Task description
Write all of the entries out again exactly, but not the images.

Records for the task
◆ ◆ ◆

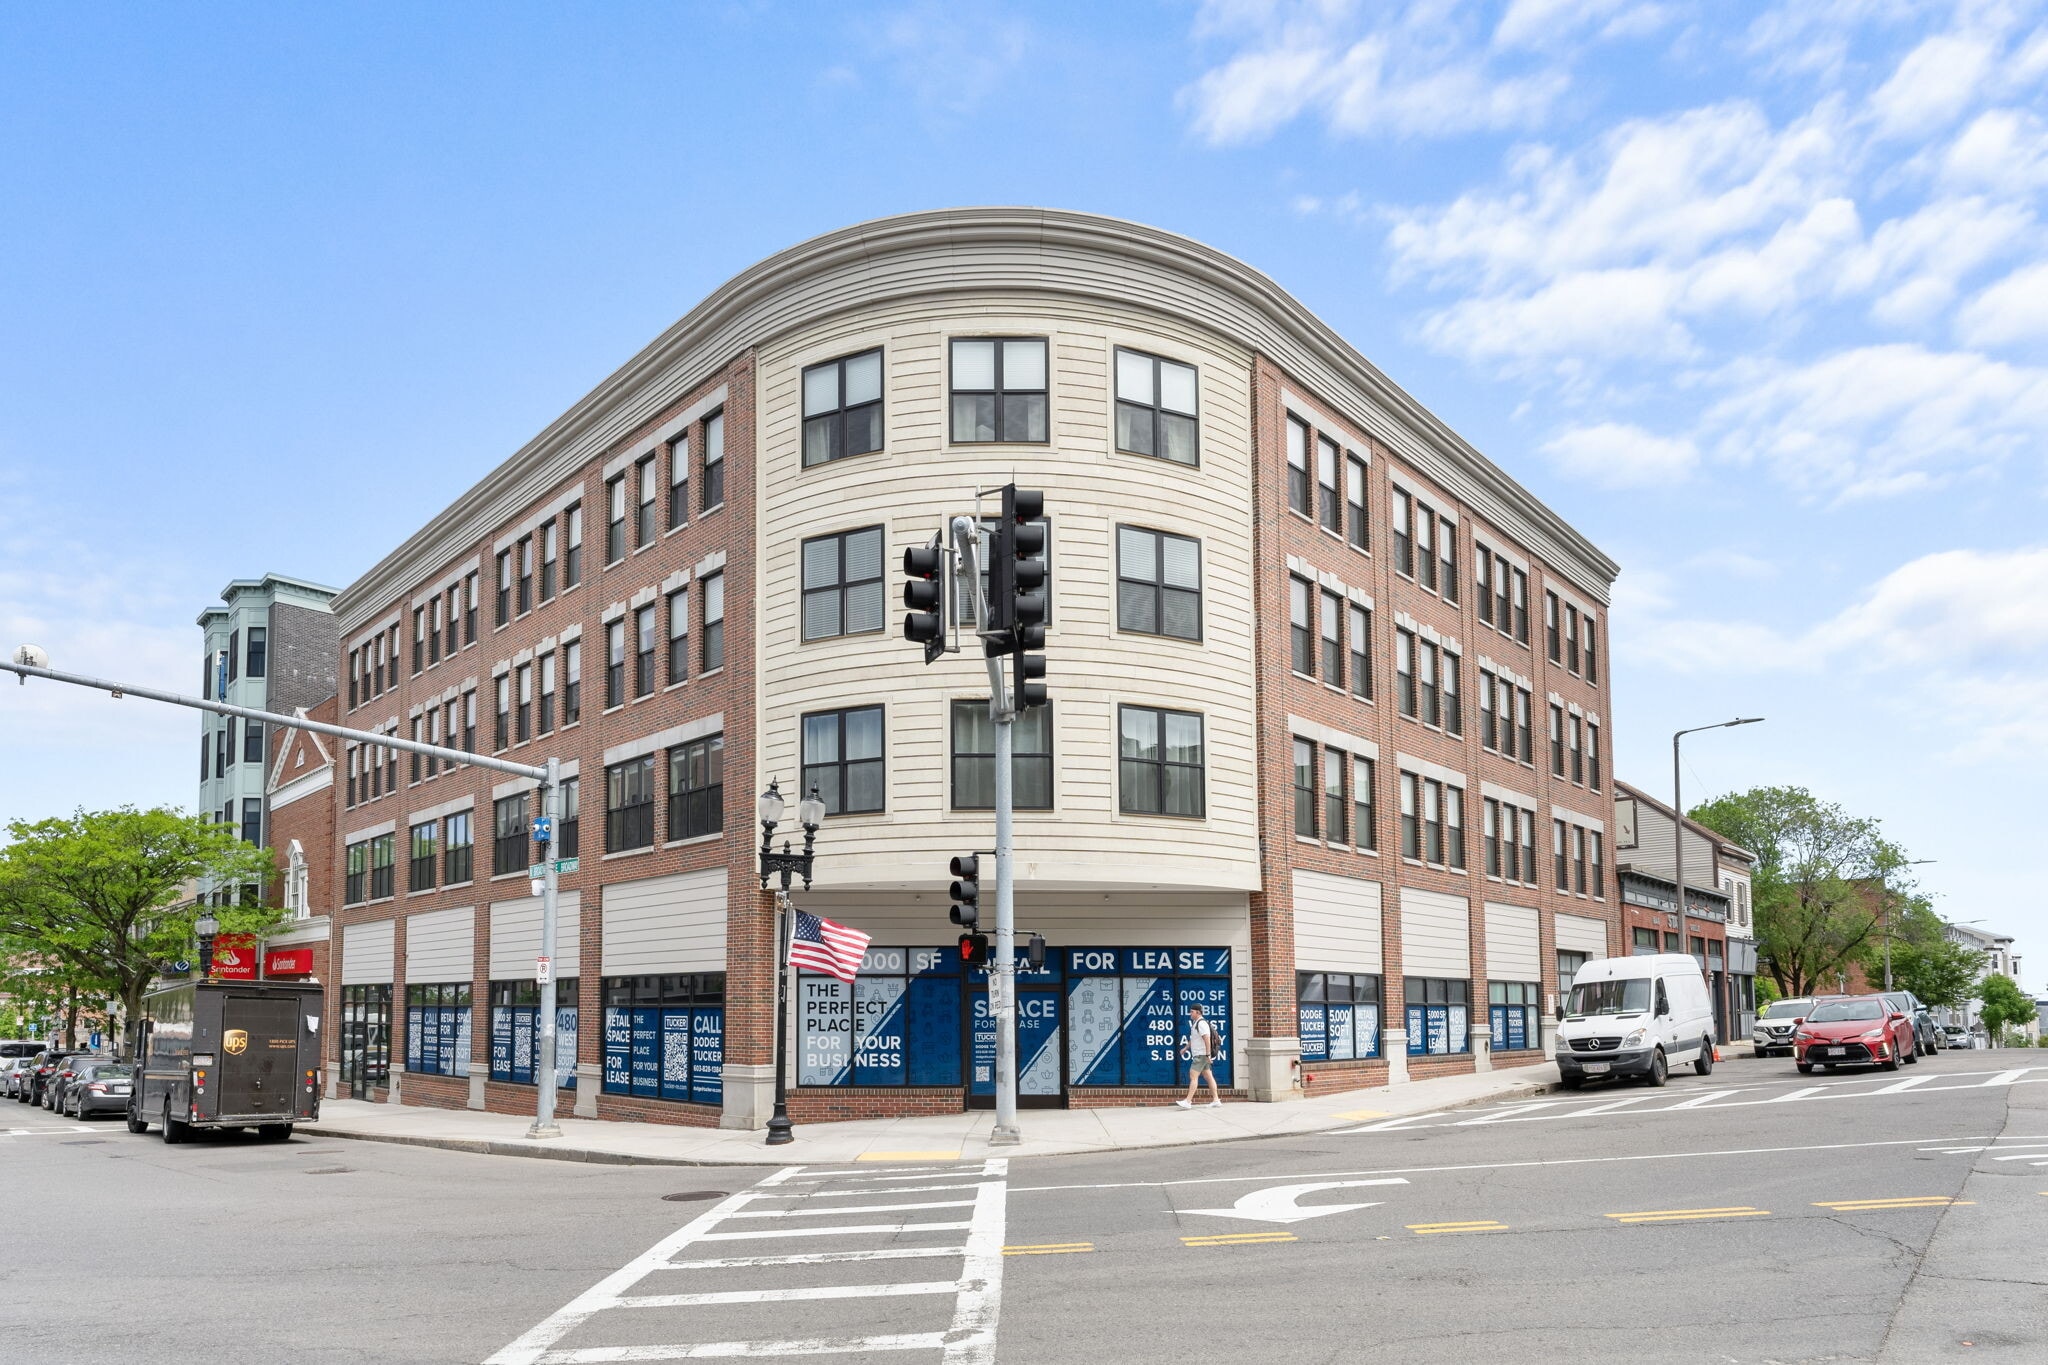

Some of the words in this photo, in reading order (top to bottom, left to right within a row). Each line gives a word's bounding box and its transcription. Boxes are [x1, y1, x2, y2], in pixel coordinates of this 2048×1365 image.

[277, 959, 296, 970] Santander
[917, 952, 942, 970] SF
[978, 957, 1051, 975] RAL
[1072, 952, 1115, 970] FOR
[1132, 952, 1205, 970] LEASE
[807, 984, 839, 997] THE
[1162, 990, 1206, 1002] 5,000
[1209, 990, 1225, 1001] SF
[807, 1001, 887, 1014] PERFECT
[1147, 1005, 1226, 1016] AVAILBLE
[425, 1013, 437, 1024] CALL
[633, 1015, 644, 1024] THE
[1300, 1010, 1323, 1019] DODGE
[1357, 1009, 1374, 1019] RETAIL
[1449, 1010, 1464, 1024] 480
[558, 1014, 577, 1031] 480
[607, 1015, 630, 1027] RETAIL
[666, 1018, 687, 1027] TUCKER
[693, 1015, 722, 1034] CALL
[807, 1019, 865, 1032] PLACE
[974, 1020, 996, 1029] FOR
[1149, 1020, 1174, 1031] 480
[1300, 1022, 1325, 1031] TUCKER
[441, 1025, 450, 1035] FOR
[633, 1031, 656, 1040] PERFECT
[1329, 1025, 1350, 1037] SQFT
[1357, 1031, 1369, 1040] FOR
[558, 1034, 576, 1046] WEST
[607, 1030, 630, 1042] SPACE
[1146, 1035, 1227, 1046] BROAY
[225, 1037, 246, 1051] ups
[693, 1036, 719, 1048] DODGE
[807, 1036, 841, 1050] FOR
[856, 1036, 901, 1050] YOUR
[1302, 1043, 1324, 1052] TUCKER
[1428, 1037, 1446, 1049] LEASE
[493, 1047, 506, 1058] FOR
[633, 1046, 650, 1055] PLACE
[693, 1050, 722, 1062] TUCKER
[1151, 1050, 1162, 1061] S.
[558, 1056, 576, 1066] SOUTH
[606, 1056, 622, 1068] FOR
[807, 1053, 901, 1067] BUSINESS
[493, 1060, 511, 1072] LEASE
[633, 1061, 644, 1070] FOR
[645, 1062, 658, 1071] YOUR
[606, 1071, 630, 1084] LEASE
[633, 1077, 658, 1087] BUSINESS

◆ ◆ ◆

Solution
Some of the words in this photo, in reading order (top to bottom, left to right within a row). Each line gives a word's bounding box and its transcription. Boxes are [x1, y1, x2, y2], in pixel coordinates of this 2048×1365 image.

[277, 959, 296, 970] Santander
[917, 952, 942, 970] SF
[978, 957, 1051, 975] RAL
[1072, 952, 1115, 970] FOR
[1132, 952, 1205, 970] LEASE
[807, 984, 839, 997] THE
[1162, 990, 1206, 1002] 5,000
[1209, 990, 1225, 1001] SF
[807, 1001, 887, 1014] PERFECT
[1147, 1005, 1226, 1016] AVAILBLE
[425, 1013, 437, 1024] CALL
[633, 1015, 644, 1024] THE
[1300, 1010, 1323, 1019] DODGE
[1357, 1009, 1374, 1019] RETAIL
[1449, 1010, 1464, 1024] 480
[558, 1014, 577, 1031] 480
[607, 1015, 630, 1027] RETAIL
[666, 1018, 687, 1027] TUCKER
[693, 1015, 722, 1034] CALL
[807, 1019, 865, 1032] PLACE
[974, 1020, 996, 1029] FOR
[1149, 1020, 1174, 1031] 480
[1300, 1022, 1325, 1031] TUCKER
[441, 1025, 450, 1035] FOR
[633, 1031, 656, 1040] PERFECT
[1329, 1025, 1350, 1037] SQFT
[1357, 1031, 1369, 1040] FOR
[558, 1034, 576, 1046] WEST
[607, 1030, 630, 1042] SPACE
[1146, 1035, 1227, 1046] BROAY
[225, 1037, 246, 1051] ups
[693, 1036, 719, 1048] DODGE
[807, 1036, 841, 1050] FOR
[856, 1036, 901, 1050] YOUR
[1302, 1043, 1324, 1052] TUCKER
[1428, 1037, 1446, 1049] LEASE
[493, 1047, 506, 1058] FOR
[633, 1046, 650, 1055] PLACE
[693, 1050, 722, 1062] TUCKER
[1151, 1050, 1162, 1061] S.
[558, 1056, 576, 1066] SOUTH
[606, 1056, 622, 1068] FOR
[807, 1053, 901, 1067] BUSINESS
[493, 1060, 511, 1072] LEASE
[633, 1061, 644, 1070] FOR
[645, 1062, 658, 1071] YOUR
[606, 1071, 630, 1084] LEASE
[633, 1077, 658, 1087] BUSINESS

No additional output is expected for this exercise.